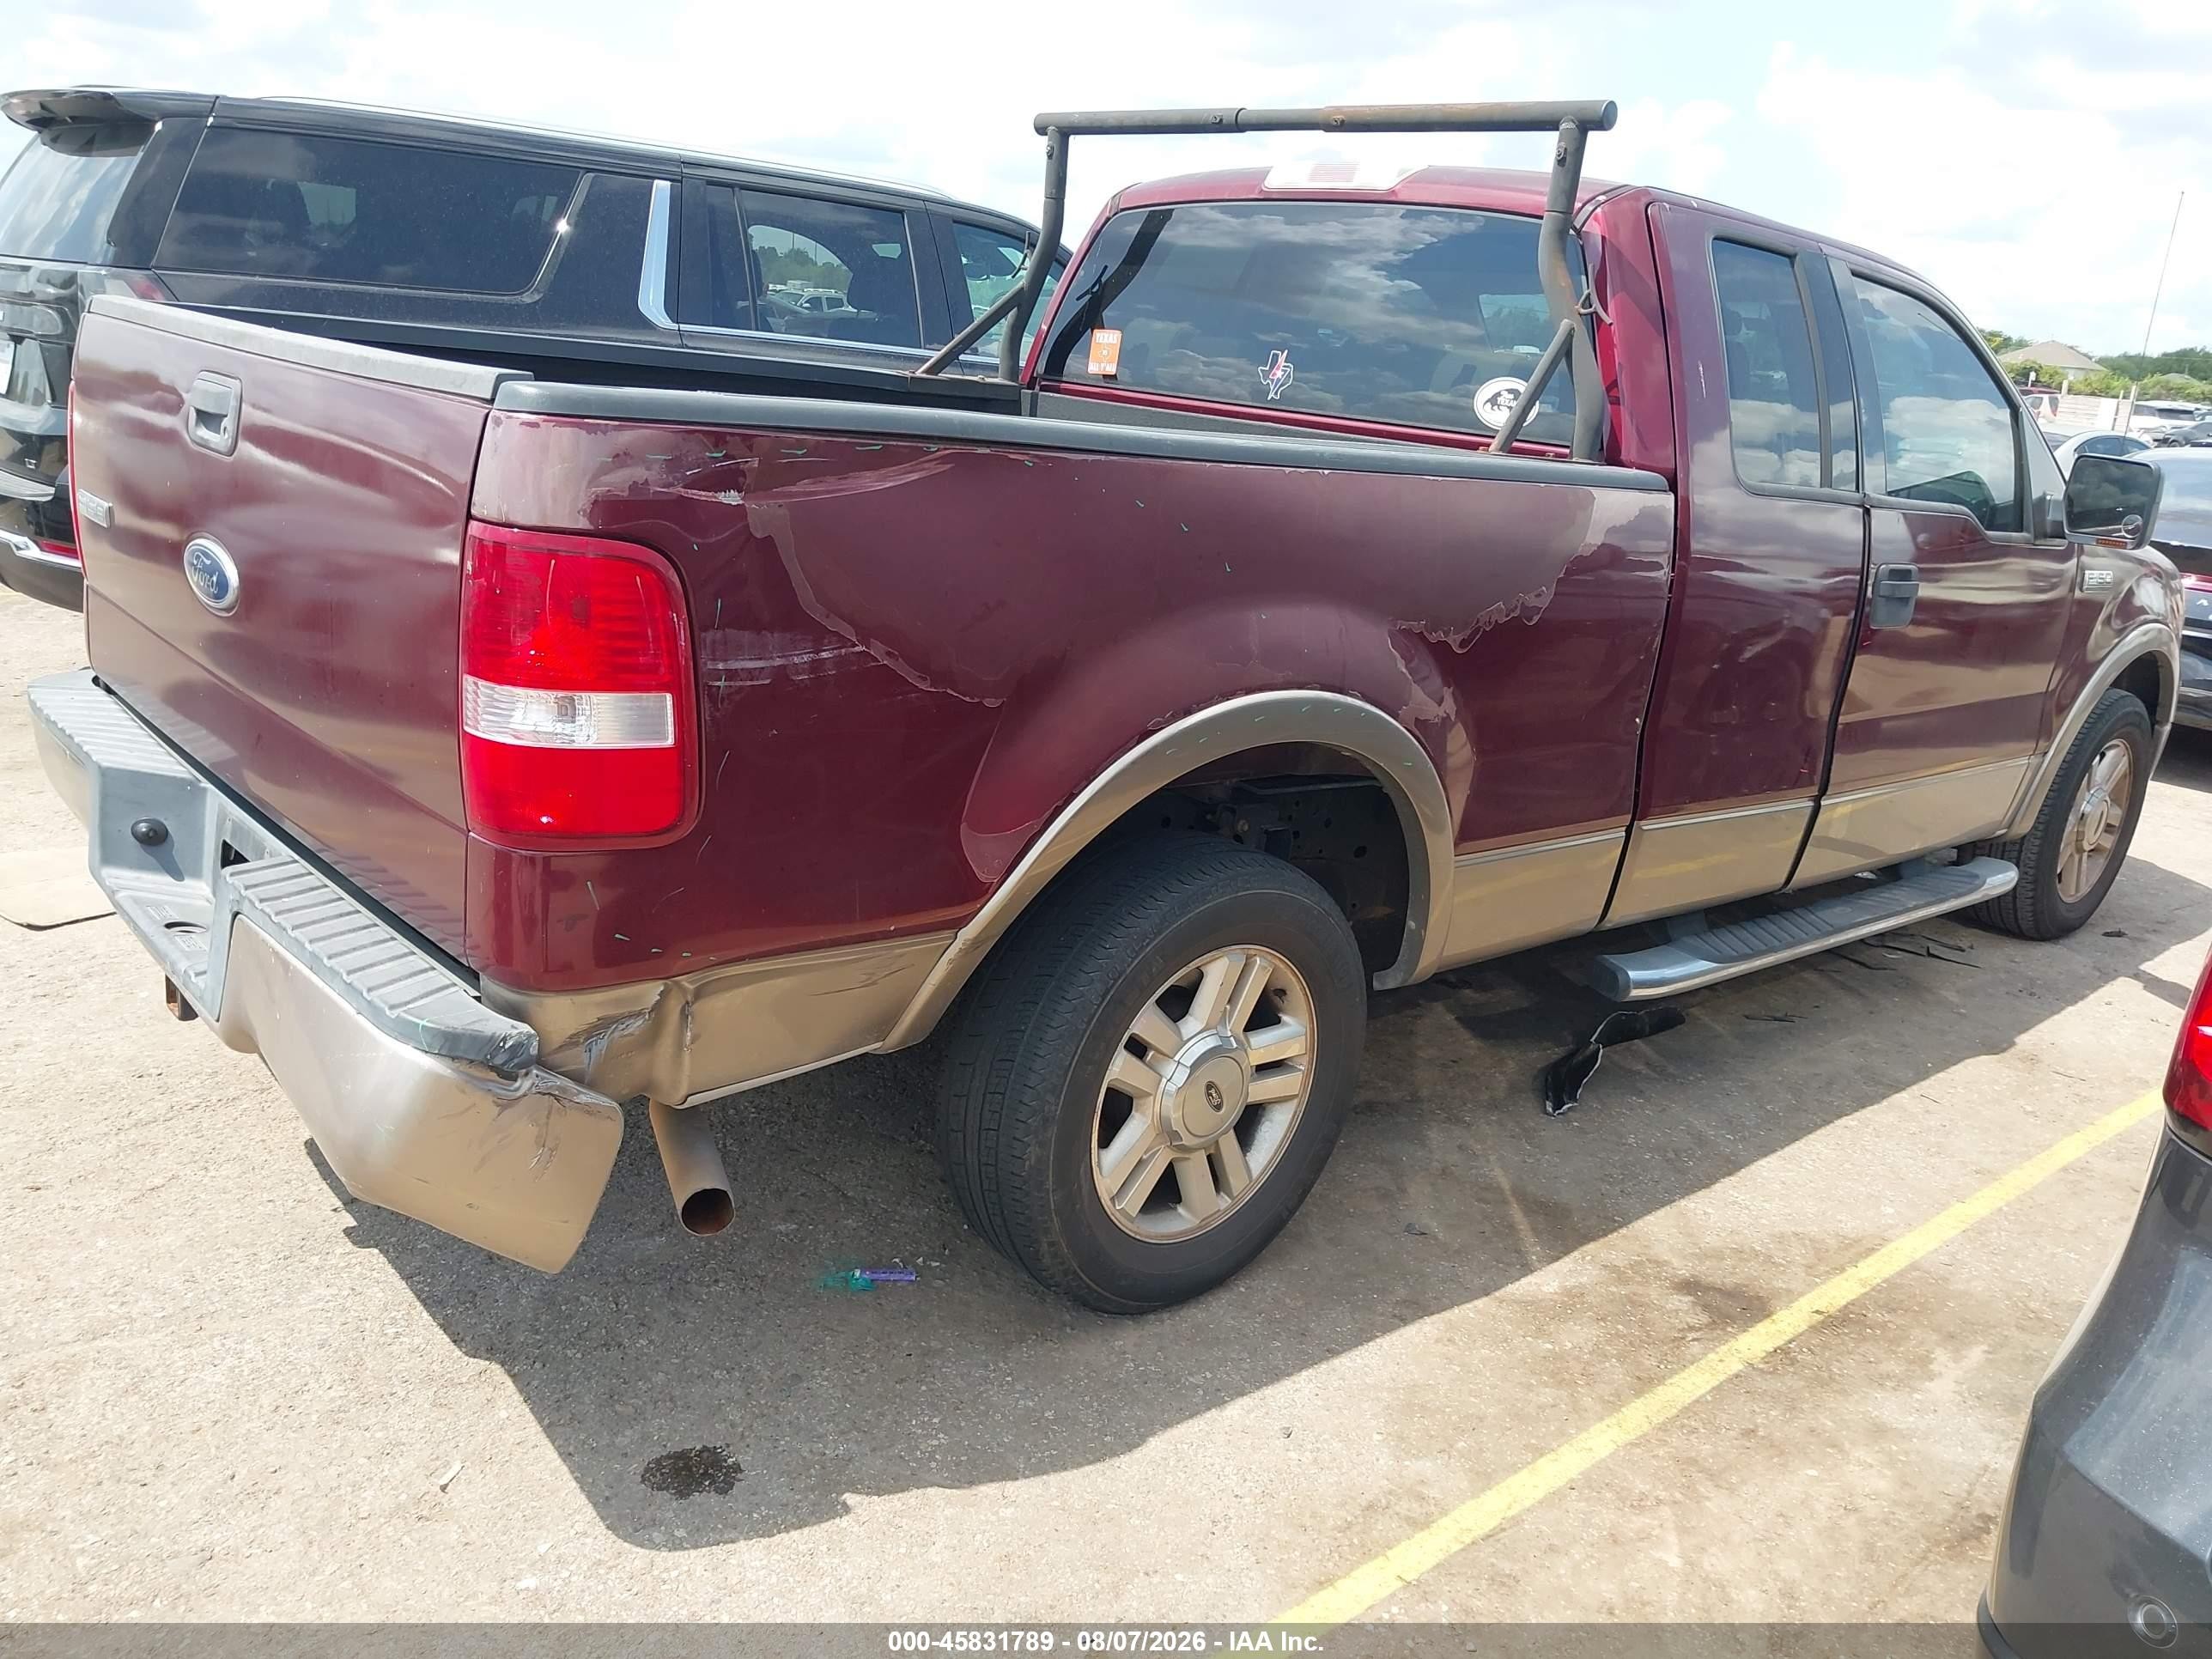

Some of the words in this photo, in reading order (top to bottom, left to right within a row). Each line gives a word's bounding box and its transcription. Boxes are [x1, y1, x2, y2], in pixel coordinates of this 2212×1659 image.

[1096, 332, 1118, 343] TEXAS
[192, 551, 220, 594] Ford
[1207, 1087, 1221, 1106] Ford
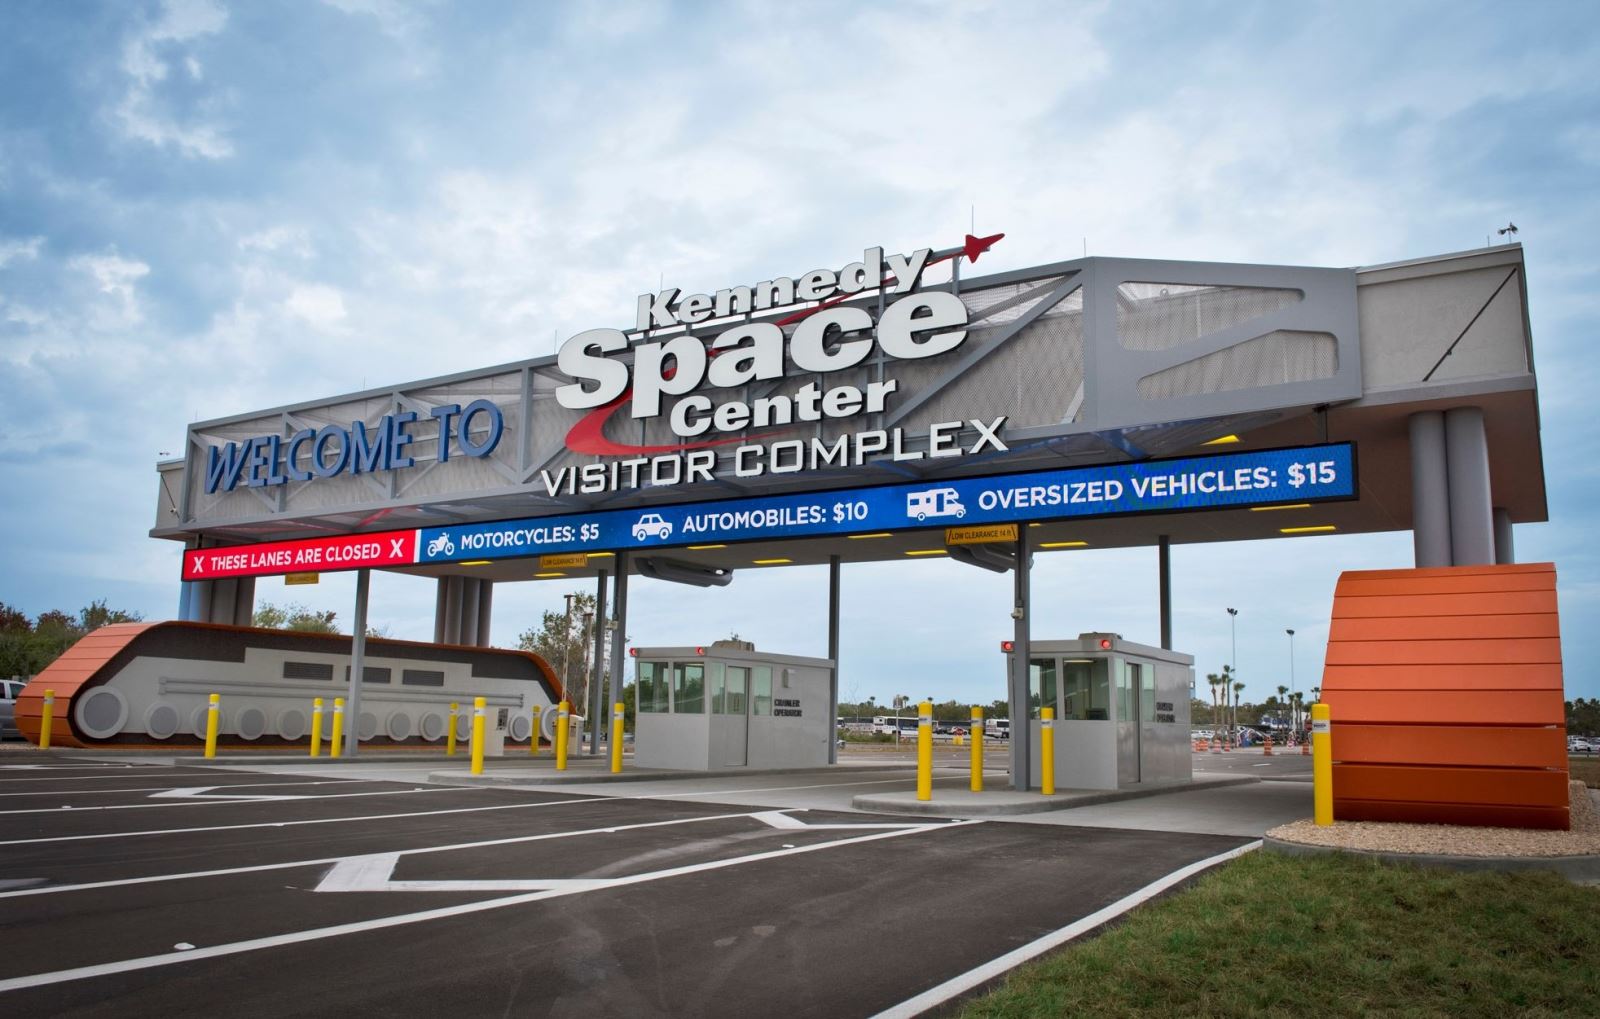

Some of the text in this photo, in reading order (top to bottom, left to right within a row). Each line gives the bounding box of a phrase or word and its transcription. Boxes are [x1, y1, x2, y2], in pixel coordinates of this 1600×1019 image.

####

## Instructions to follow
What is needed is a verbatim copy of the entries, leaving out any pictures.

## Response to the exercise
Some of the words in this photo, in reading order (top to bottom, left to right within a row). Each line gives a word's bounding box and its transcription. Boxes are [x1, y1, x2, y2], in pixel coordinates of this 2212×1659 image.

[1096, 332, 1118, 343] TEXAS
[192, 551, 220, 594] Ford
[1207, 1087, 1221, 1106] Ford

Some of the text in this photo, in reading order (top to bottom, left to right within a row). Each line gives the bounding box of a phrase or word and its transcription. Boxes are [x1, y1, x2, y2], in pixel coordinates of this 1600×1019 image.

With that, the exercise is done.